The Starless Sea
By Erin Morgenstern
One day, Zachary Ezra Rawlins takes a book out of the library… and suddenly finds himself reading about a moment from his childhood – a moment when he stands before a painted door and chooses not to open it. That library book changes the trajectory of his life. Why was he in this book? What did it mean?
Borrowing the library book sets Zachary off on a journey he could never imagine. He meets the best storyteller he has ever heard, a man he could come to love. He meets a woman with pink hair that will guide him to and through strange places. He ends up in a fantastical world beneath the surface of the earth. A world of books, stories, doorways, and intrigue. But the longer he’s there, the more questions he has. What is this strange world? What is his destiny?
Review: Guys, I was really excited about this one. I really enjoyed The Night Circus and couldn’t wait to dive into The Starless Sea. And I wanted to love it. I really did.
But I don’t remember when it was so hard for me to finish a book. This one was a real struggle. I don’t know if it was my unsettled mind amidst a pandemic and 4+ weeks at home… or the high hopes I had set… or the book itself…. Either way, it wasn’t what I had hoped it would be.
My biggest problem – really my only problem – was that it wasn’t engaging. I want to be hooked. I want to be sucked in where I have trouble putting it down, staying up later than I should given the time my children awake. That didn’t happen here. I had a really hard time switching back and forth between Zachary’s story and some of the stories, some of the fables, that interspersed the novel. And even within the chapters following Zachary, I struggled to remain interested. I needed that I-don’t-want-to-put-this-down feeling. I did finish the book – because it’s hard for me to put a book down and because I really wanted to find out how the story ended, but by the end, I finished out of sheer willpower.

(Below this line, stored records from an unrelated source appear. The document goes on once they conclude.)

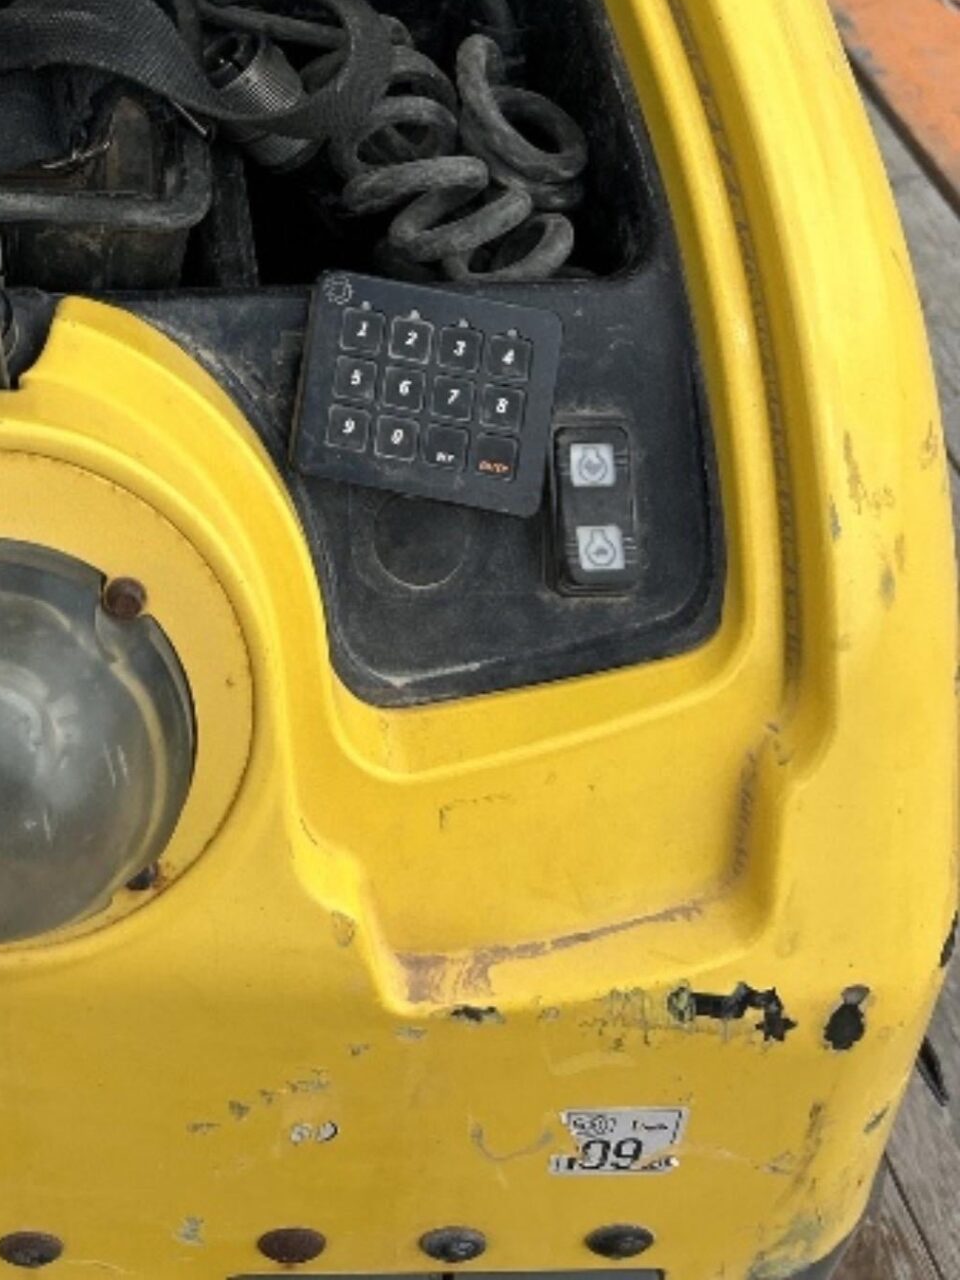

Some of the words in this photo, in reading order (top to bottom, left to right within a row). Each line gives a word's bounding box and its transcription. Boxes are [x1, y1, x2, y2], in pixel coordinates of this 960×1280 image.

[357, 321, 368, 337] 1
[405, 330, 418, 346] 2
[453, 340, 467, 357] 3
[502, 349, 515, 365] 4
[350, 370, 362, 385] 5
[399, 380, 412, 396] 6
[447, 389, 460, 405] 7
[496, 398, 509, 414] 8
[342, 417, 356, 434] 9
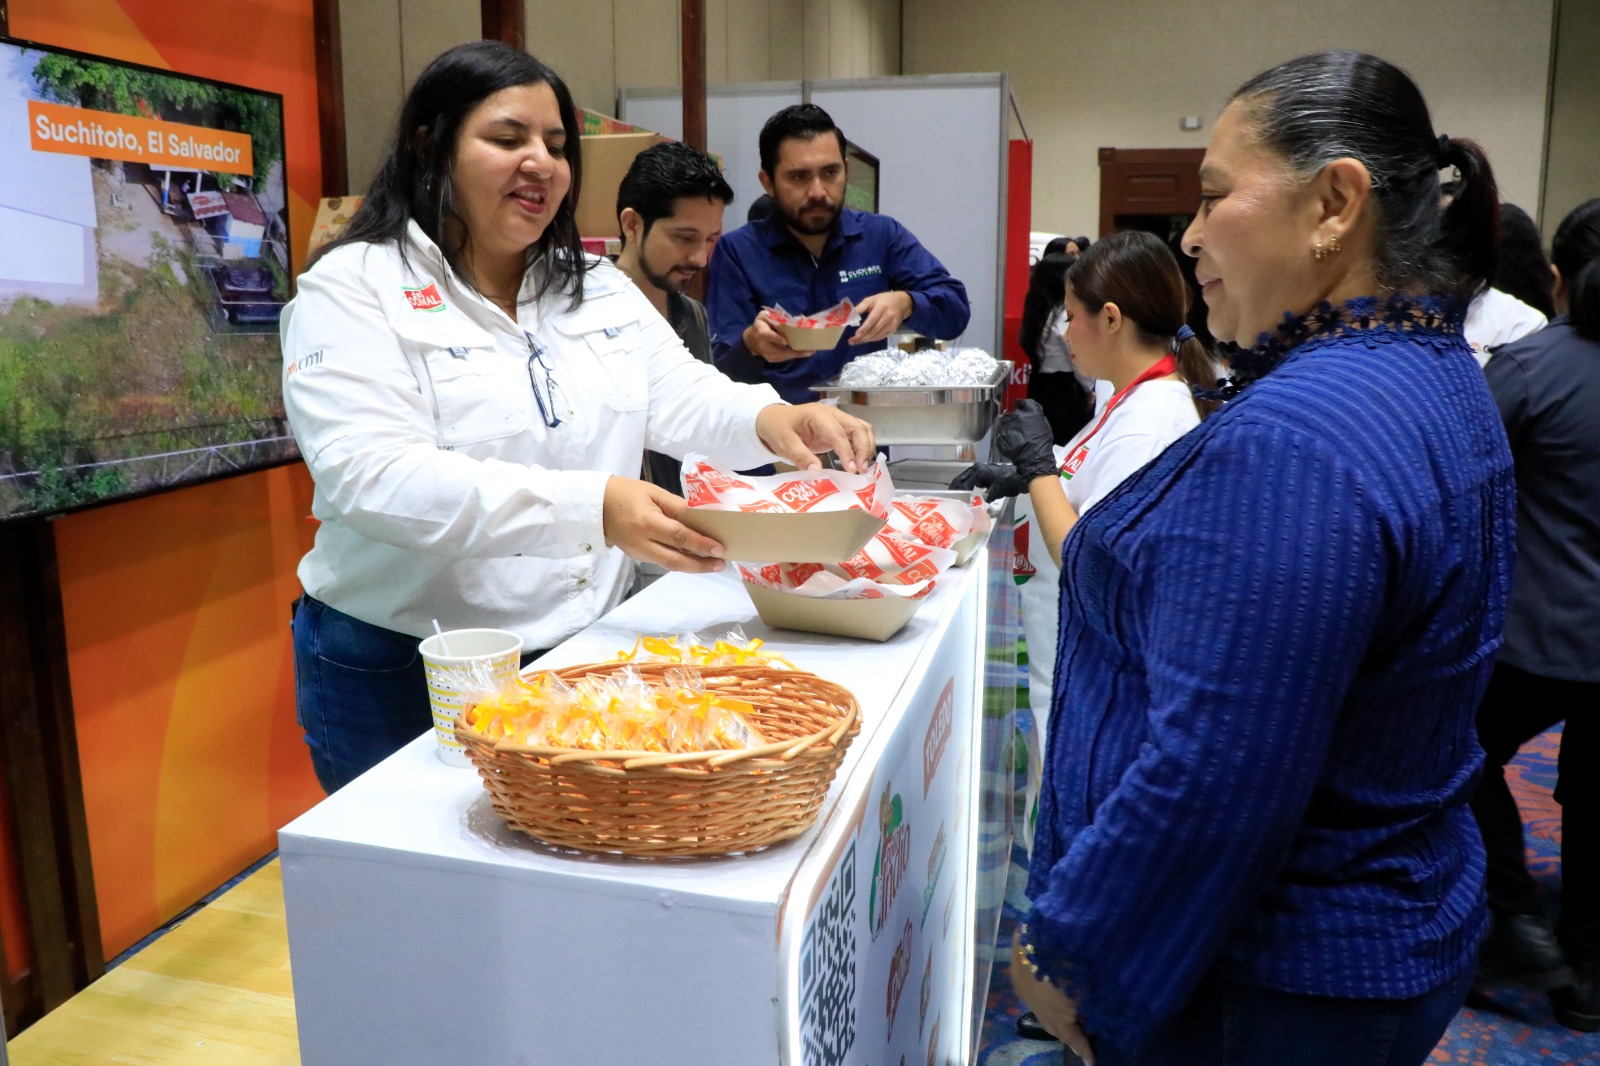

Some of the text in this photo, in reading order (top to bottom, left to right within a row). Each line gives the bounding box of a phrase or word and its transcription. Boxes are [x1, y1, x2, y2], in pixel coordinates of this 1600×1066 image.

[36, 114, 240, 164] Suchitoto, El Salvador
[925, 692, 952, 775] TOLEDO
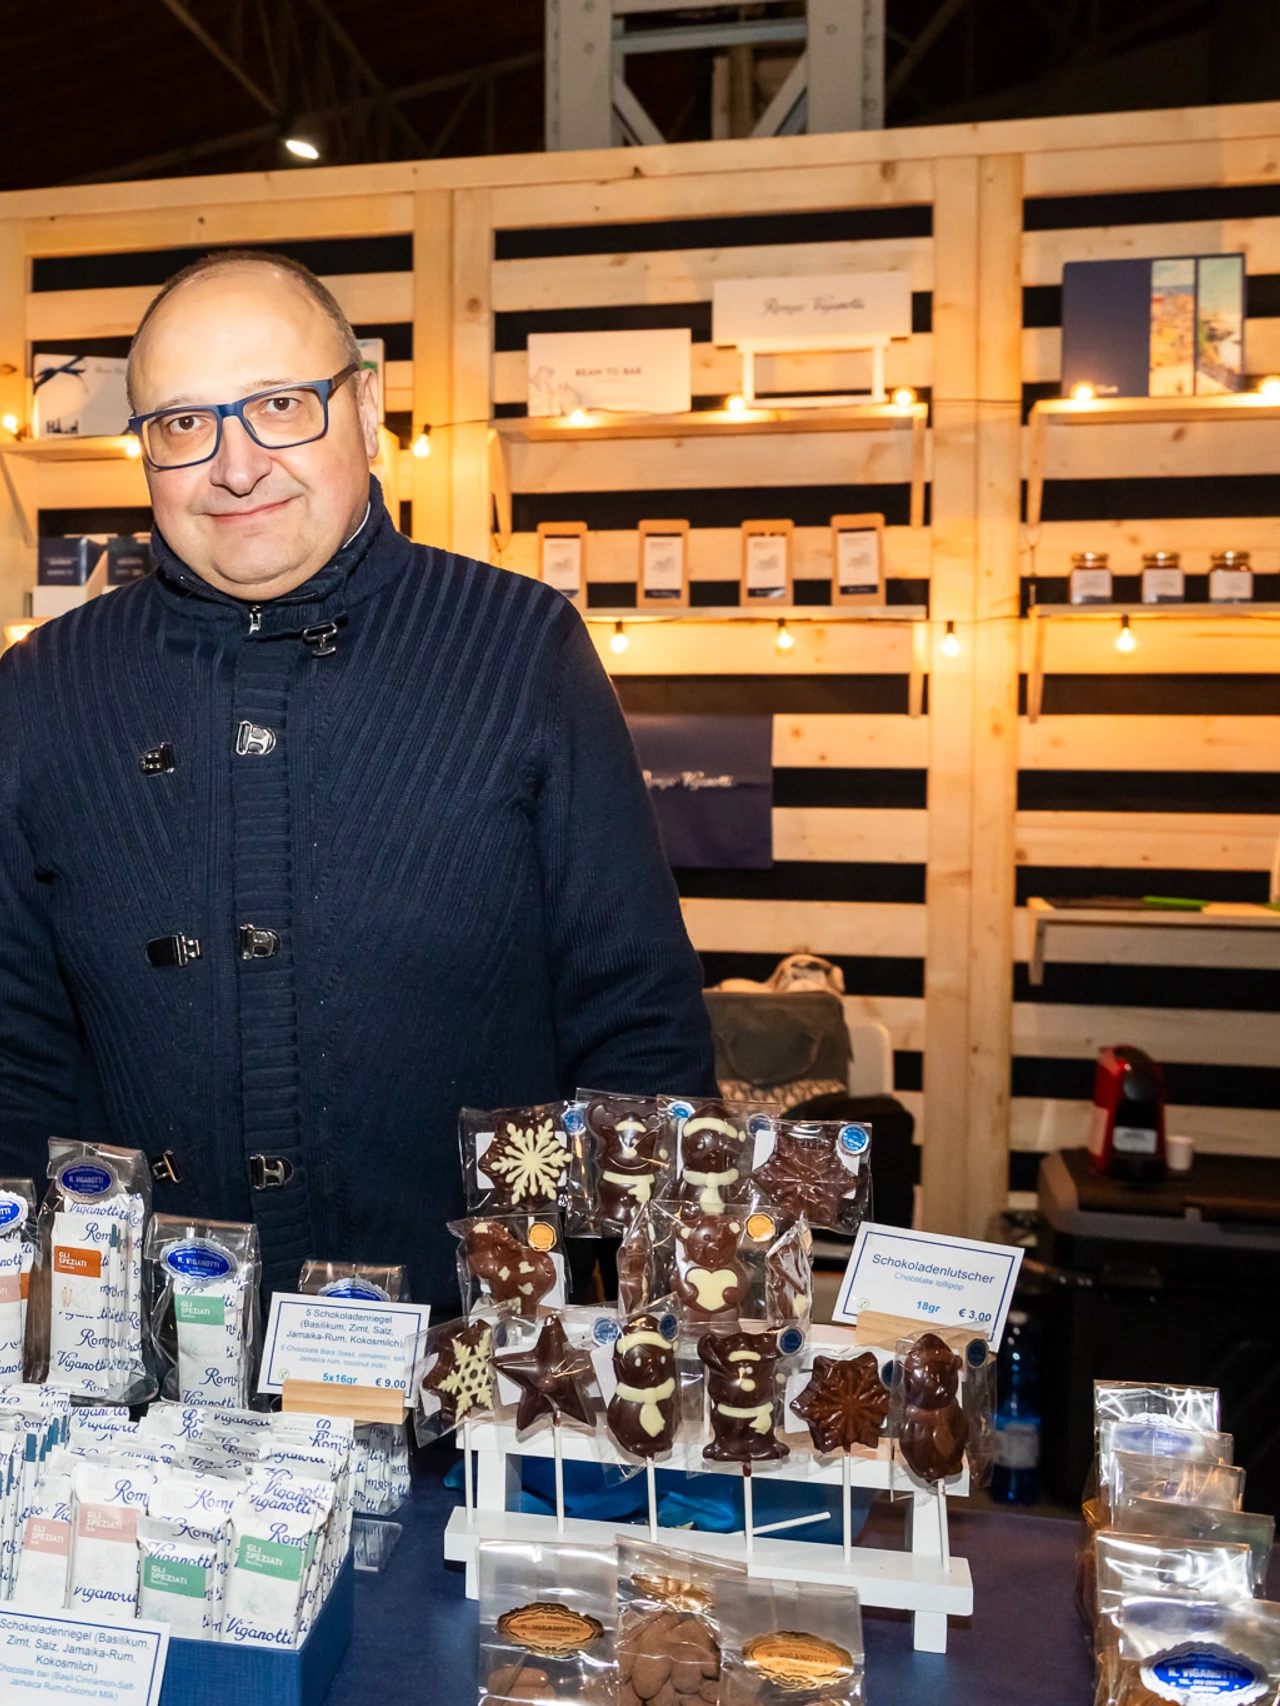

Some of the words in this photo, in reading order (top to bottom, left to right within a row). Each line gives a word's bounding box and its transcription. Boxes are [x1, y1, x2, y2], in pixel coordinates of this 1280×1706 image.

[58, 1251, 70, 1259] GLI
[58, 1257, 88, 1268] SPEZIATI
[872, 1253, 995, 1284] Schokoladenlutscher
[894, 1272, 934, 1286] Chocolate
[935, 1279, 964, 1292] lollipop
[180, 1307, 210, 1316] SPEZIATI
[306, 1308, 311, 1317] 5
[314, 1310, 393, 1324] Schokoladenriegel
[916, 1300, 941, 1314] 18gr
[958, 1308, 966, 1318] €
[300, 1319, 346, 1332] (Basilikum,
[348, 1323, 370, 1334] Zimt,
[286, 1330, 346, 1343] Jamaika-Rum,
[286, 1345, 319, 1354] Chocolate
[322, 1373, 358, 1385] 5x16gr
[375, 1377, 382, 1387] €
[32, 1524, 46, 1533] GLI
[31, 1531, 64, 1544] SPEZIATI
[247, 1543, 262, 1553] GLI
[245, 1551, 284, 1567] SPEZIATI
[151, 1564, 167, 1574] GLI
[151, 1571, 188, 1585] SPEZIATI
[0, 1618, 93, 1641] Schokoladenriegel
[94, 1632, 151, 1650] (Basilikum,
[226, 1615, 294, 1645] Viganotti
[6, 1635, 31, 1648] Zimt,
[35, 1639, 59, 1653] Salz,
[62, 1643, 136, 1663] Jamaika-Rum,
[36, 1654, 98, 1674] Kokosmilch)
[36, 1669, 50, 1678] bar
[9, 1678, 43, 1690] Jamaica
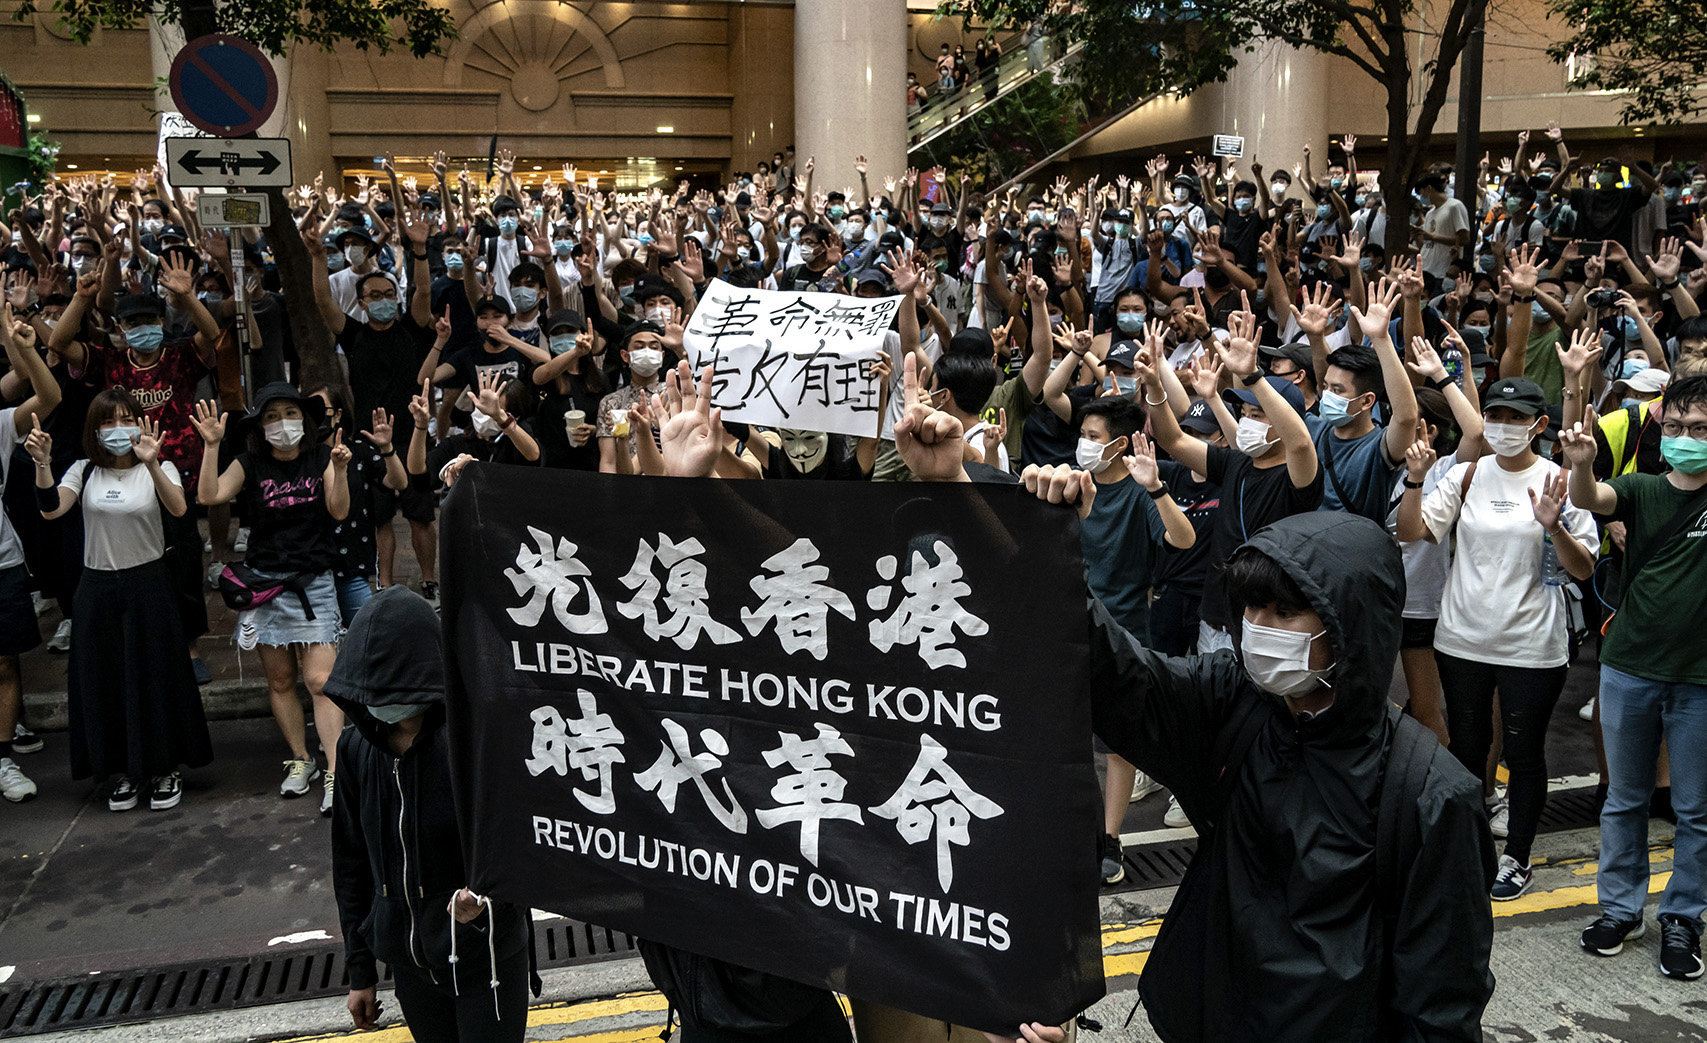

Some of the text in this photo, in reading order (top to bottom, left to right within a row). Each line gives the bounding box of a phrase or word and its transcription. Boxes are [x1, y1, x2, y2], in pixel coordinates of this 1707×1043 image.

[689, 295, 897, 352] 革命無罪
[260, 476, 323, 500] Daisy
[504, 526, 989, 670] 光復香港
[511, 640, 1002, 732] LIBERATE HONG KONG
[525, 688, 1004, 895] 時代革命
[532, 815, 1011, 951] REVOLUTION OF OUR TIMES

It’s sad because I really did like everything else. The Starless Sea was beautifully written. Beautifully. The descriptions were wonderful, the world Morgenstern created described so clearly that I could picture it in my head as I was reading (just like The Night Circus). I liked the characters. They worked with the story, they seemed real and invoked feelings. And I did like and appreciate the creative story, the fantastic world that Morgenstern created. So it KILLS ME that I’m not raving to you all about The Starless Sea.
Have you read it? What did you think? Was it bad timing? Should I give it another try in a few months? Or was this book just not for me? Tell me in the comments.